TASK BRIEF: Below are some records; output exactly the lines from the line with "this 1600×1068 image." to the line with "this 1700×1133 image.", both ends kept, and nothing more.

═════ SUPPLIED RECORDS ═════

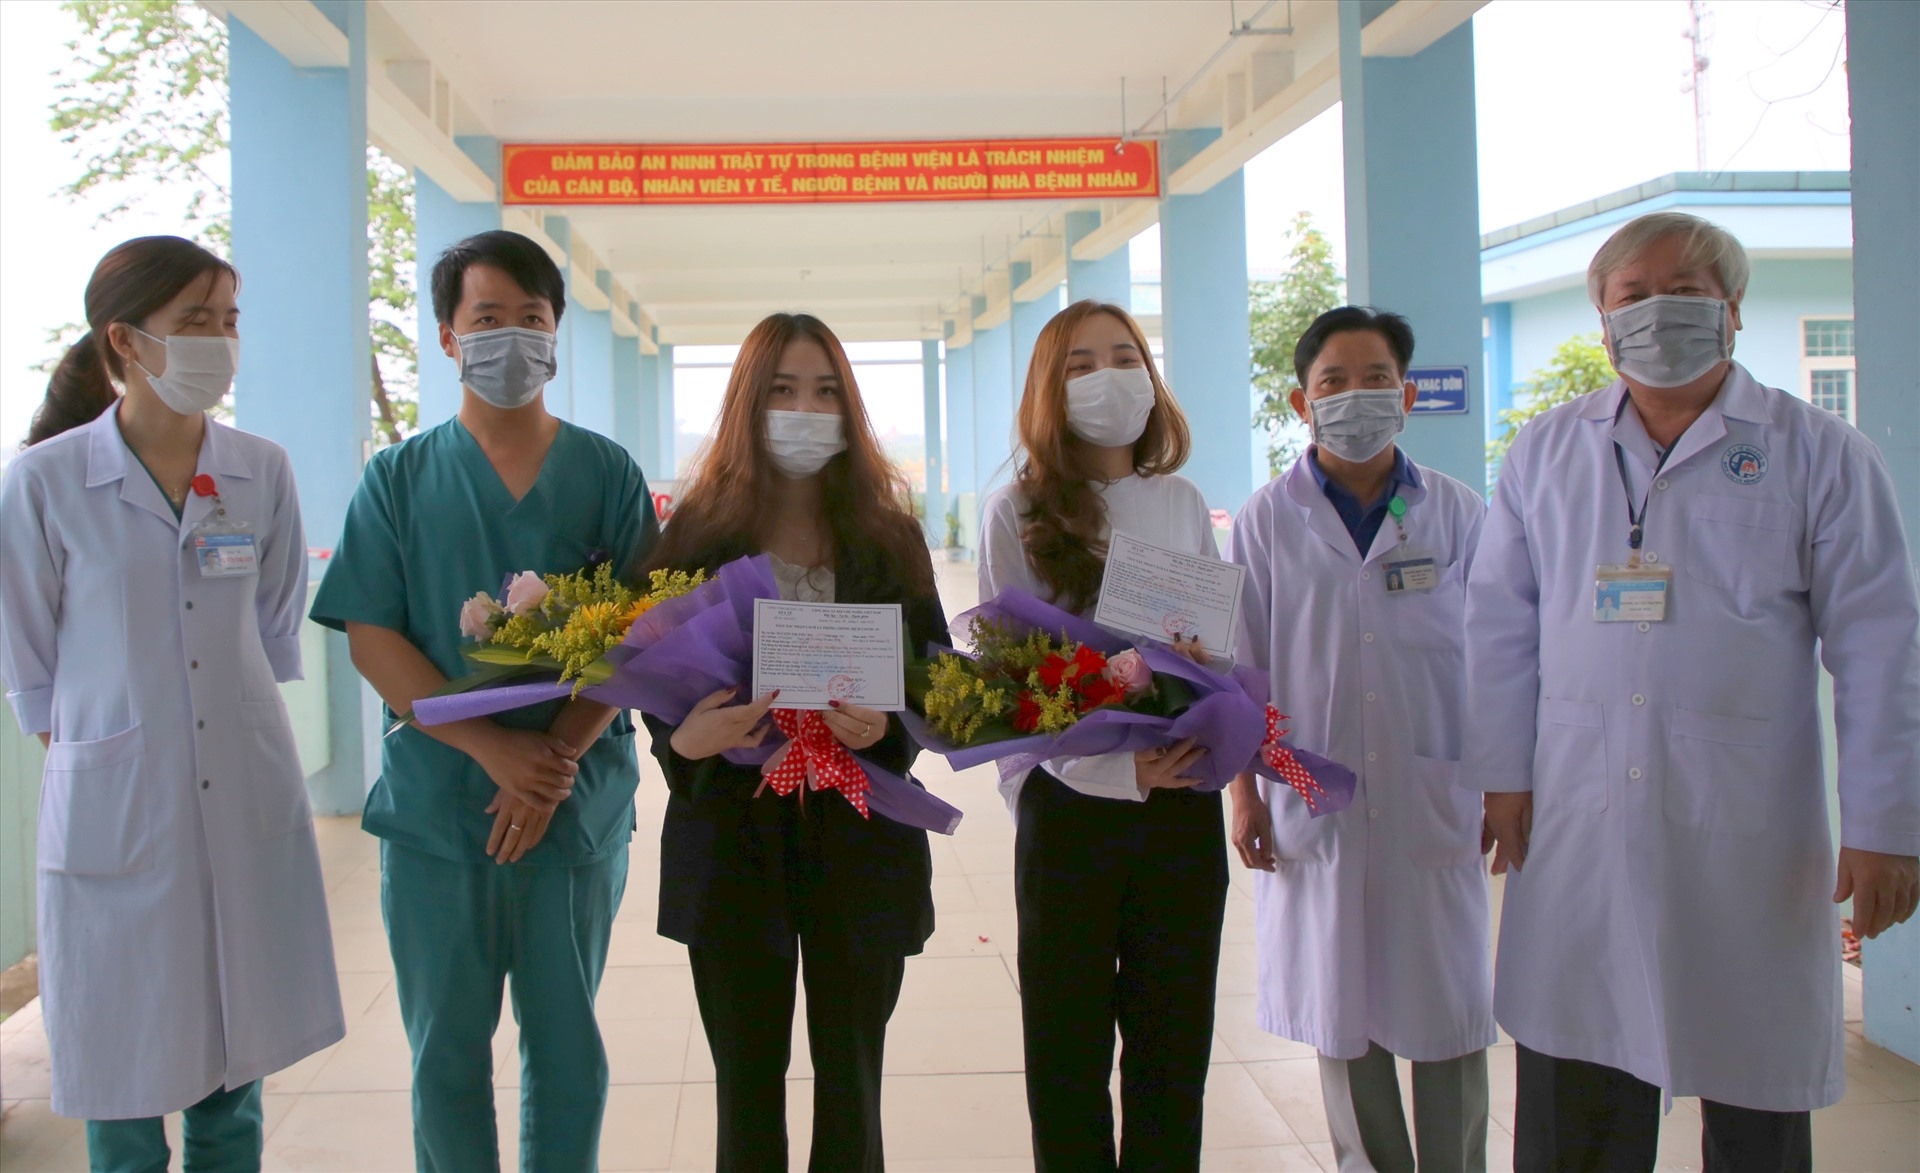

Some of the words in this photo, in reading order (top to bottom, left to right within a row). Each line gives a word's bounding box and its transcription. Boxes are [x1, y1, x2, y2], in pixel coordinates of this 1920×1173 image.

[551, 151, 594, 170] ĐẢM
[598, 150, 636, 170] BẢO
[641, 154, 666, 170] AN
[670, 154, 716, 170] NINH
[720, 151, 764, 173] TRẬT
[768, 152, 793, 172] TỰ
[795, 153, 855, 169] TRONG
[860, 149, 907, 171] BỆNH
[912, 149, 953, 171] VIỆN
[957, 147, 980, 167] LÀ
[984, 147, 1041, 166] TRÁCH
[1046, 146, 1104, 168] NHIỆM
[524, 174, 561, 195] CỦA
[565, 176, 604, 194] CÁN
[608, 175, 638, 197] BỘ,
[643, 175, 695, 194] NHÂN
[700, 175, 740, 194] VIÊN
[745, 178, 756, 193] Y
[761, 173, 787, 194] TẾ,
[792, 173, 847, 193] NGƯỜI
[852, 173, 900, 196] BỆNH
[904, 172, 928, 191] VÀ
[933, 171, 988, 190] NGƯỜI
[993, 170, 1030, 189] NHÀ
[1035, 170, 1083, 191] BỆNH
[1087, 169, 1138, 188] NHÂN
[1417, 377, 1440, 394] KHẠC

═════
═════ SUPPLIED RECORDS ═════

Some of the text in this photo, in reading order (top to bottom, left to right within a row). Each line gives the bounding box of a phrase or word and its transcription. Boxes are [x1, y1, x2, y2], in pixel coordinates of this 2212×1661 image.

═════
═════ SUPPLIED RECORDS ═════

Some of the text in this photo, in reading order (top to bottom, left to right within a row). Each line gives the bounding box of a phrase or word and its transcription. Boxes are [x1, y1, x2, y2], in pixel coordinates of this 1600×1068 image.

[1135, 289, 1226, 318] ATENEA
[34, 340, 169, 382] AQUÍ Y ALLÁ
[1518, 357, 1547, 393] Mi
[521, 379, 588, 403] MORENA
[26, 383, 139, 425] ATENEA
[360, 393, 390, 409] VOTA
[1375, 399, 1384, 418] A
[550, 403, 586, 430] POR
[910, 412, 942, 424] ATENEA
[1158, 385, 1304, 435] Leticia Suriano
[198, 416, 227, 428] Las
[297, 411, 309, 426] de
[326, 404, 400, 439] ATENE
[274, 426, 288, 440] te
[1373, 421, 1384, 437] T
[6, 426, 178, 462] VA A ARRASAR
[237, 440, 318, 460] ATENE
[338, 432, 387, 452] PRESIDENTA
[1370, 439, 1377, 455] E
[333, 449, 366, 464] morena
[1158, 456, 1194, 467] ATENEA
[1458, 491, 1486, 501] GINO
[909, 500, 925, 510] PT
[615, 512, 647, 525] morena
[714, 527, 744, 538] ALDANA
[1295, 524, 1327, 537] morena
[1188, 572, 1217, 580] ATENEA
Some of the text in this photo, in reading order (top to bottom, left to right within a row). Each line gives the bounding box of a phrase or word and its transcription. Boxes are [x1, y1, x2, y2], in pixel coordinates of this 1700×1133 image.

═════

RESULT:
Some of the text in this photo, in reading order (top to bottom, left to right within a row). Each line gives the bounding box of a phrase or word and its transcription. Boxes are [x1, y1, x2, y2], in pixel coordinates of this 1600×1068 image.

[1135, 289, 1226, 318] ATENEA
[34, 340, 169, 382] AQUÍ Y ALLÁ
[1518, 357, 1547, 393] Mi
[521, 379, 588, 403] MORENA
[26, 383, 139, 425] ATENEA
[360, 393, 390, 409] VOTA
[1375, 399, 1384, 418] A
[550, 403, 586, 430] POR
[910, 412, 942, 424] ATENEA
[1158, 385, 1304, 435] Leticia Suriano
[198, 416, 227, 428] Las
[297, 411, 309, 426] de
[326, 404, 400, 439] ATENE
[274, 426, 288, 440] te
[1373, 421, 1384, 437] T
[6, 426, 178, 462] VA A ARRASAR
[237, 440, 318, 460] ATENE
[338, 432, 387, 452] PRESIDENTA
[1370, 439, 1377, 455] E
[333, 449, 366, 464] morena
[1158, 456, 1194, 467] ATENEA
[1458, 491, 1486, 501] GINO
[909, 500, 925, 510] PT
[615, 512, 647, 525] morena
[714, 527, 744, 538] ALDANA
[1295, 524, 1327, 537] morena
[1188, 572, 1217, 580] ATENEA
Some of the text in this photo, in reading order (top to bottom, left to right within a row). Each line gives the bounding box of a phrase or word and its transcription. Boxes are [x1, y1, x2, y2], in pixel coordinates of this 1700×1133 image.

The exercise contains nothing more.